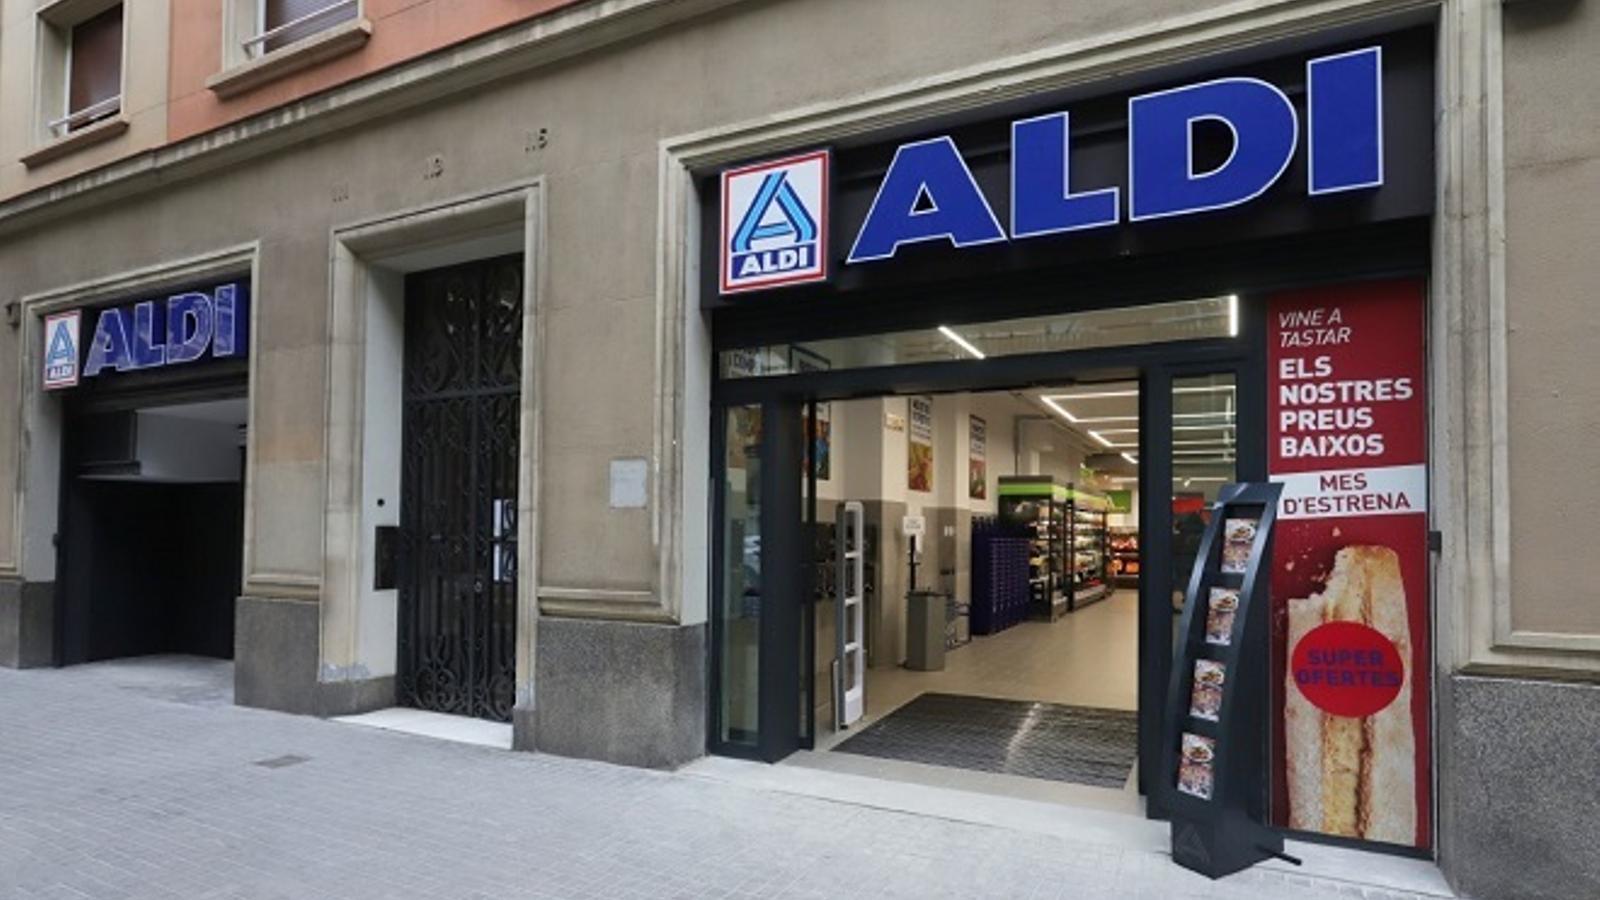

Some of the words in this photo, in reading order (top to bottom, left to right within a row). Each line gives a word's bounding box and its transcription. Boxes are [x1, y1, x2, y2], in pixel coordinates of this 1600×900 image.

[847, 46, 1383, 263] ALDI
[739, 247, 808, 277] ALDI
[83, 283, 236, 376] ALDI
[1279, 310, 1322, 328] VINE
[1328, 308, 1342, 325] A
[1279, 326, 1351, 347] TASTAR
[1280, 356, 1332, 379] ELS
[1280, 378, 1413, 406] NOSTRES
[1280, 407, 1373, 432] PREUS
[1280, 434, 1385, 459] BAIXOS
[1320, 473, 1368, 491] MES
[1283, 492, 1411, 515] D'ESTRENA
[1308, 649, 1384, 665] SUPER
[1298, 668, 1400, 687] OFERTES
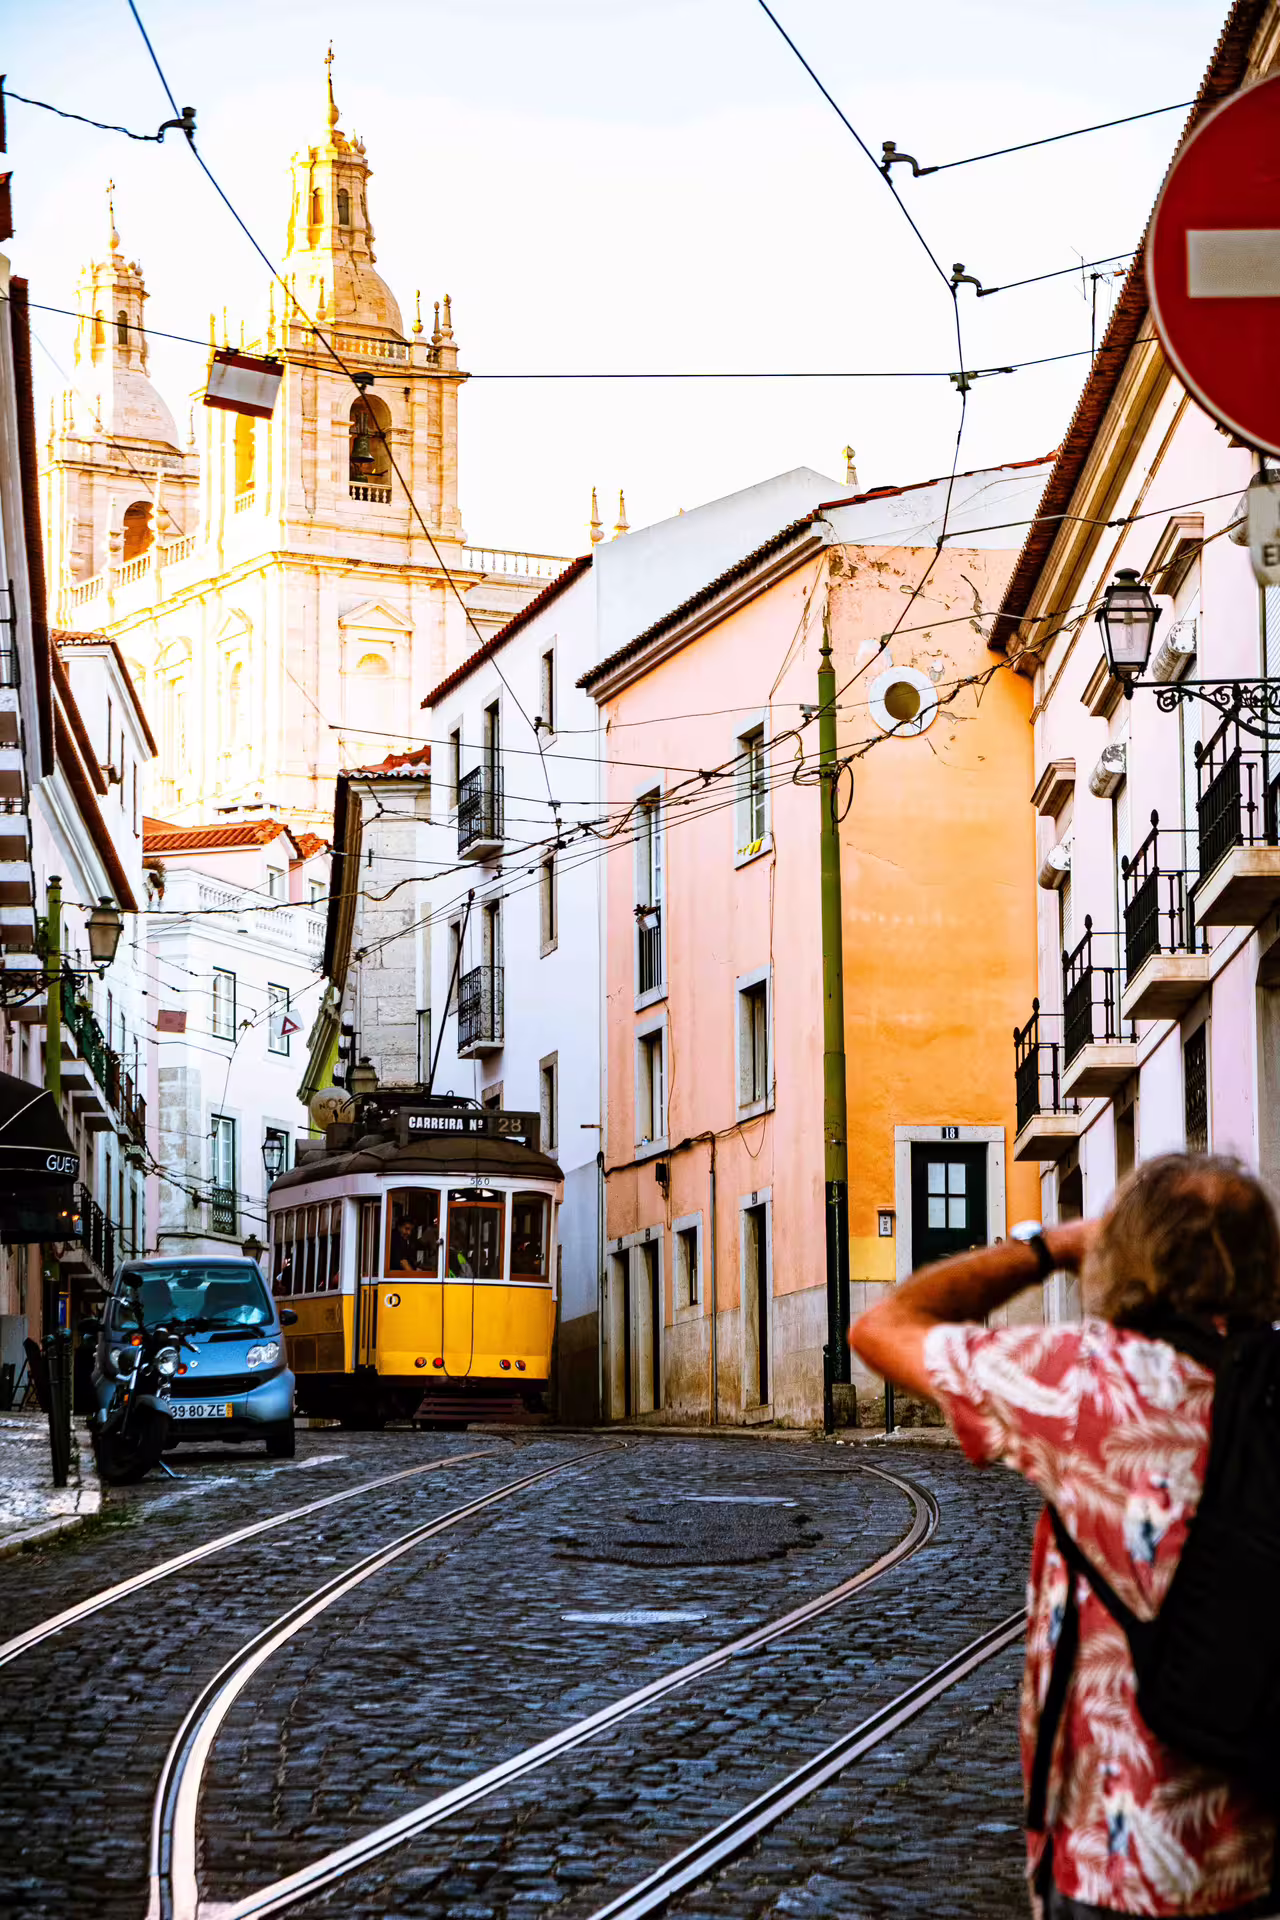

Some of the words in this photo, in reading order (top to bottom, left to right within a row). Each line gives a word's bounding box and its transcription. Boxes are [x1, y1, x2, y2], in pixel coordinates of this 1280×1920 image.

[408, 1116, 464, 1131] CARREIRA
[498, 1118, 521, 1133] 28
[945, 1127, 956, 1139] 18
[470, 1177, 490, 1186] 560
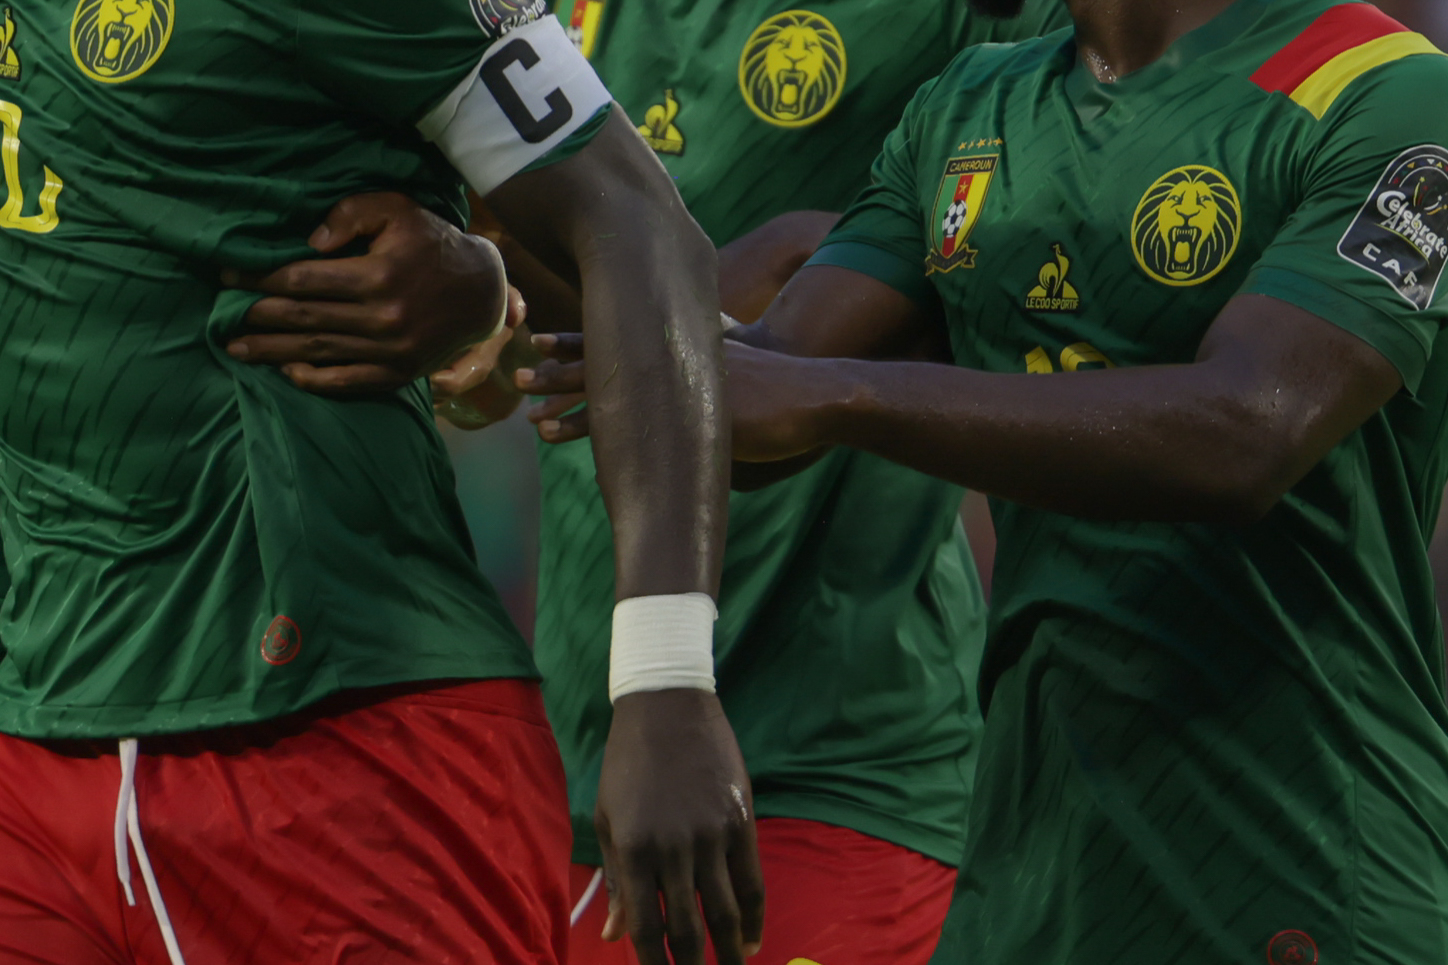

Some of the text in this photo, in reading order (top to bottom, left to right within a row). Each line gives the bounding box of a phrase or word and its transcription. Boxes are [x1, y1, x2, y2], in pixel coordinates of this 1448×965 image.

[479, 38, 573, 144] C
[949, 159, 993, 172] CAMEROUN
[1376, 190, 1448, 259] Celebrate
[1380, 213, 1433, 259] Africa
[1362, 242, 1418, 287] CAF
[1050, 297, 1079, 311] SPORTIF

* * * * * * *

Exercise: If the data includes images, skip them and copy every line exactly.

Solution:
Some of the words in this photo, in reading order (top to bottom, left to right within a row). Each line gives a word's bounding box and its transcription. Boxes are [x1, y1, x2, y2], in pixel coordinates of this 1600×900 image.

[847, 46, 1383, 263] ALDI
[739, 247, 808, 277] ALDI
[83, 283, 236, 376] ALDI
[1279, 310, 1322, 328] VINE
[1328, 308, 1342, 325] A
[1279, 326, 1351, 347] TASTAR
[1280, 356, 1332, 379] ELS
[1280, 378, 1413, 406] NOSTRES
[1280, 407, 1373, 432] PREUS
[1280, 434, 1385, 459] BAIXOS
[1320, 473, 1368, 491] MES
[1283, 492, 1411, 515] D'ESTRENA
[1308, 649, 1384, 665] SUPER
[1298, 668, 1400, 687] OFERTES

Some of the words in this photo, in reading order (top to bottom, left to right within a row). Each line gives a word's bounding box and its transcription. Boxes are [x1, y1, x2, y2], in pixel coordinates of this 1280×1920 image.

[408, 1116, 464, 1131] CARREIRA
[498, 1118, 521, 1133] 28
[945, 1127, 956, 1139] 18
[470, 1177, 490, 1186] 560

Some of the text in this photo, in reading order (top to bottom, left to right within a row). Each line gives the bounding box of a phrase or word and its transcription. Boxes are [x1, y1, x2, y2], in pixel coordinates of this 1448×965 image.

[479, 38, 573, 144] C
[949, 159, 993, 172] CAMEROUN
[1376, 190, 1448, 259] Celebrate
[1380, 213, 1433, 259] Africa
[1362, 242, 1418, 287] CAF
[1050, 297, 1079, 311] SPORTIF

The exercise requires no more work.